Founded in 1992 by musician Peter Gabriel, Witness supplies video cameras and communication gear to allow people around the world to document abuses of human rights, partnering with human rights groups in over 50 countries. Witness attempts to create pressure for change by shining a light on injustice around the world. The people who take up cameras in the name of human dignity are remarkably brave, facing in many cases torture and death for the "crime" of revealing the truth. But the Witness cameras stand alone; their only connection to the rest of the world is via the hand delivery of video tape.
That will soon change.
In an interview at BusinessWeek online, Gabriel and Witness Executive Director Gillian Caldwell reveal that the organization intends to open up an online portal allowing people to send in video clips from digital cameras and cameraphones -- that is, if they can get the funding.
Are people already sending tapes or images from mobile phones?
Gabriel: We haven't had the structure to do that. That's the next challenge.
Caldwell: Implementation will be in the next 12 months. That's what we're shooting for, although we need financial support.
How will you keep control of the content?
Gabriel: We hope there will be some sort of self-regulating system. People, in order to get content uploaded, would have to rate three or four other pieces of material [on the site]. My country [England] is the most observed country in the world. I think the average person gets filmed eight times a day. The aim here is to turn the cameras back.
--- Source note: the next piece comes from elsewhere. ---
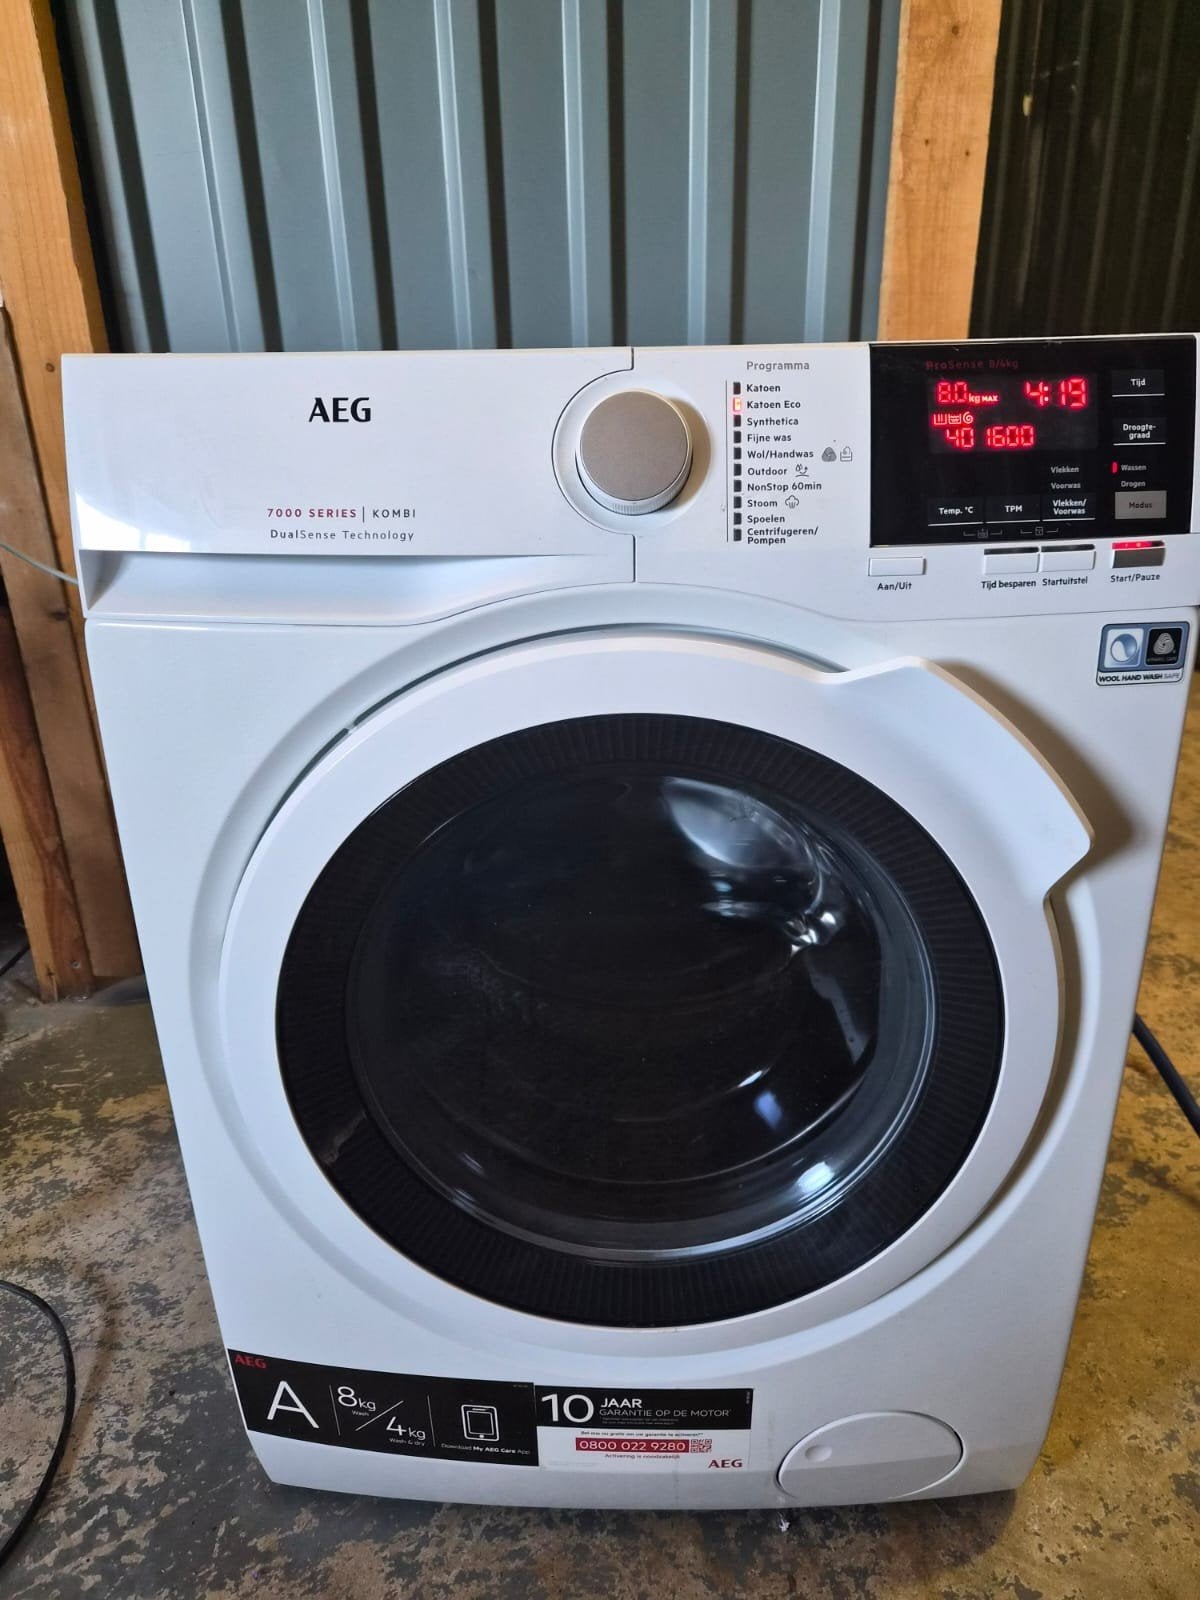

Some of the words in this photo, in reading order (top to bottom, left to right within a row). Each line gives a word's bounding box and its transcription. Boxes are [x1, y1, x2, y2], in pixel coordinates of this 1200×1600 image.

Clearly, Gabriel and Caldwell get it -- they understand that what they've built is a humanitarian sousveillance network that puts the power of transparency in the hands of the citizen -- it's the political manifestation of the participatory panopticon.
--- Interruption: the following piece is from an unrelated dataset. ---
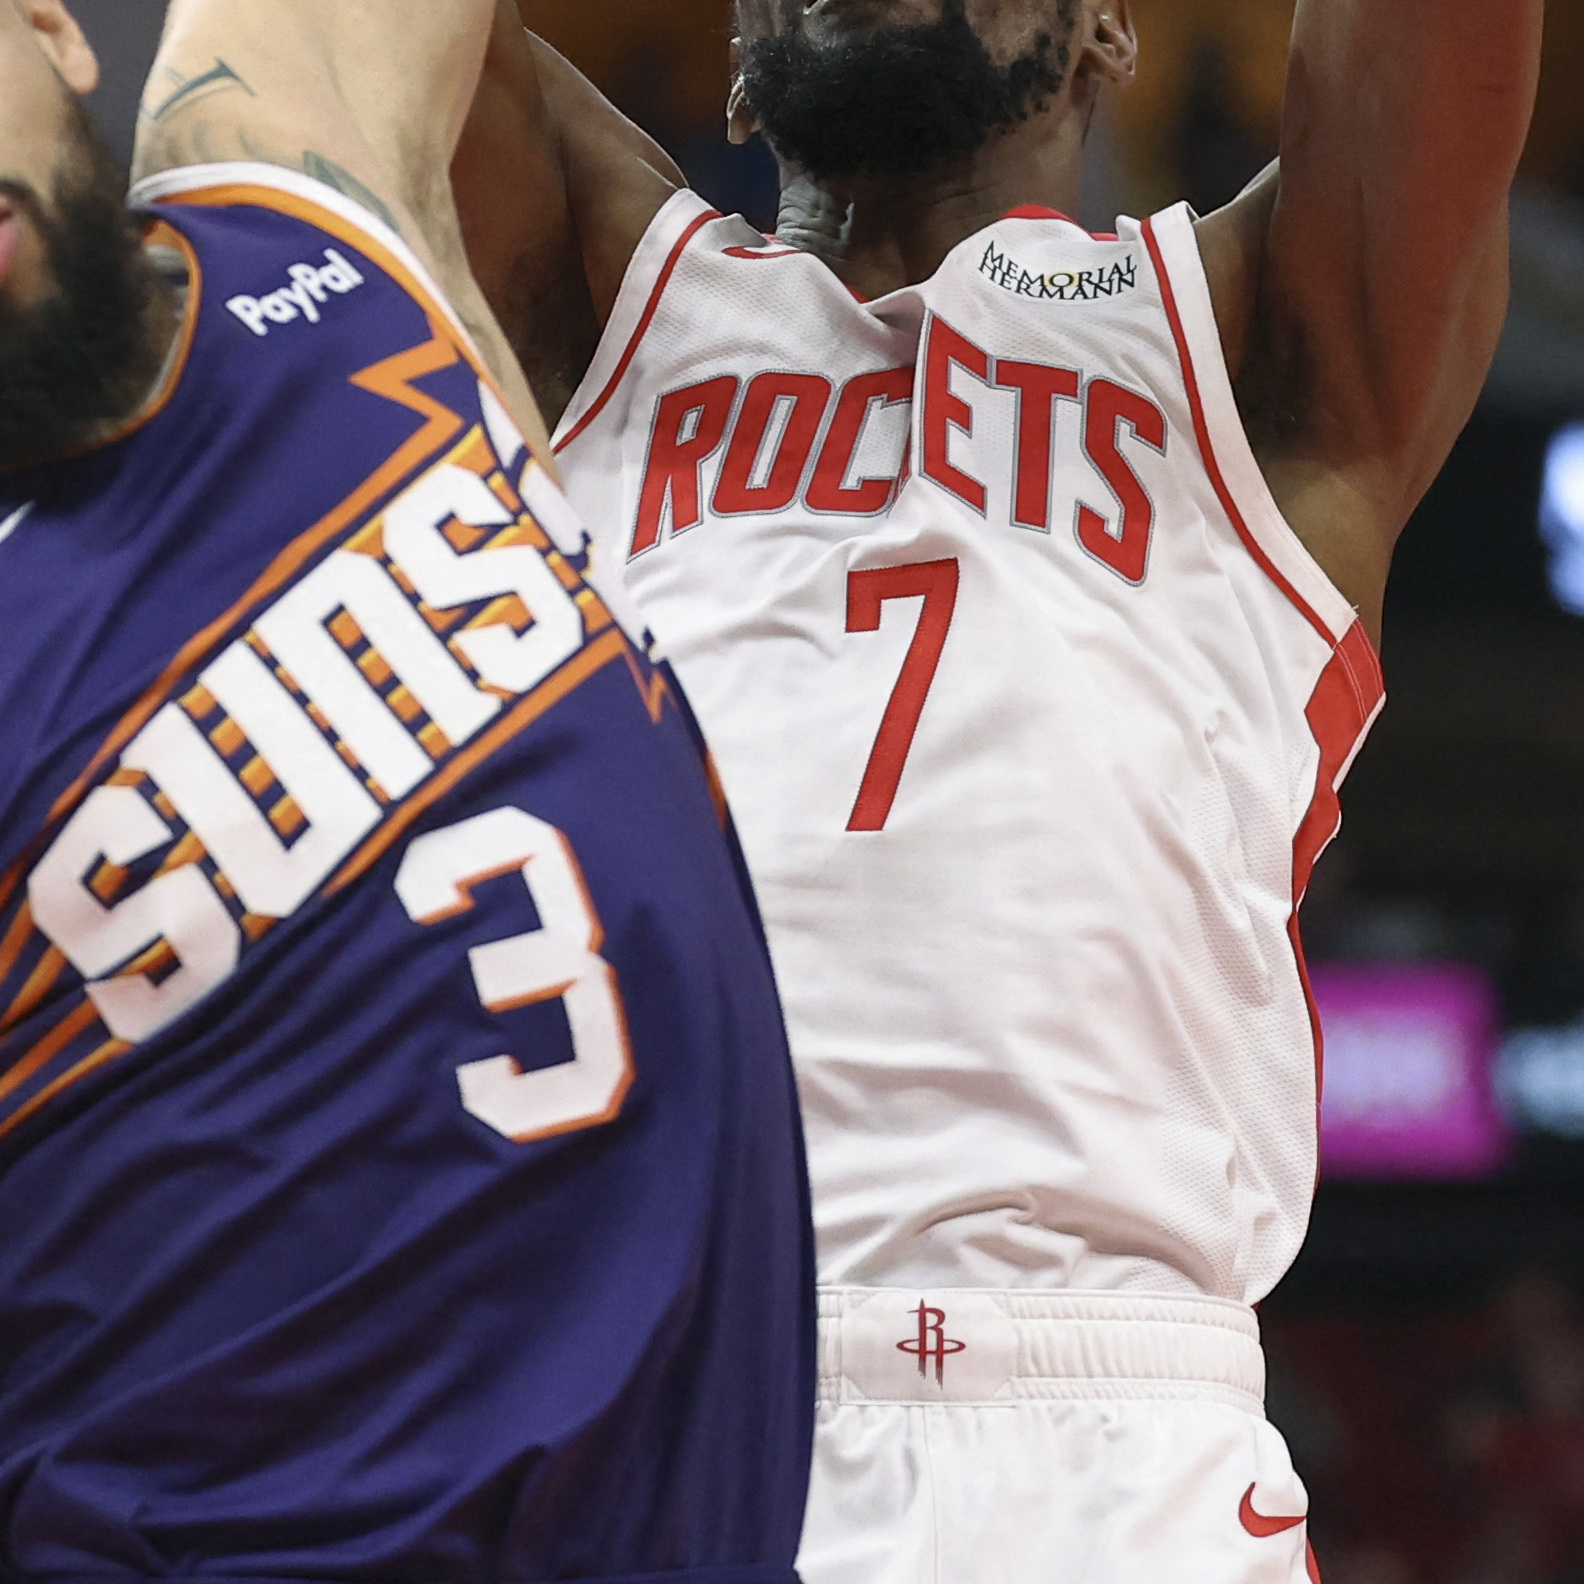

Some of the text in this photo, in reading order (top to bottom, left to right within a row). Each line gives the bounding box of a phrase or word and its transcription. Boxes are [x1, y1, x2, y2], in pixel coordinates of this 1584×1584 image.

By making it possible for users of digital cameras and -- especially -- cameraphones to send images and video to Witness digitally over the Internet, rather than through the delivery of physical goods, the organization will make it possible for activists and involved citizens to spread the word about abuses far more swiftly and surely than ever before. The longer it takes for records of human rights abuses to reach the global media, the greater the risk for those who seek to expose these crimes; being able the images and video over phone networks or the Internet will make a real difference.
Witness should expect that contact numbers and URLs will be blocked by the governments of the countries most likely to perpetrate human rights abuses, just as China blocks web access to myriad dissident sites around the world. Along with the web portal, Witness should consider developing a voluntary program wherein other websites with an interest in building a better world can act as digital "drop boxes" for the organization -- making the effort collaborative, so that those who would violate human rights would be unable to block access to Witness.
The combination of thousands -- millions, perhaps -- of citizens providing a record of violations and thousands -- millions, perhaps -- of websites providing access to Witness would be the ultimate in "swarm" humanitarianism.
Let's make it happen.
(Via PicturePhoning)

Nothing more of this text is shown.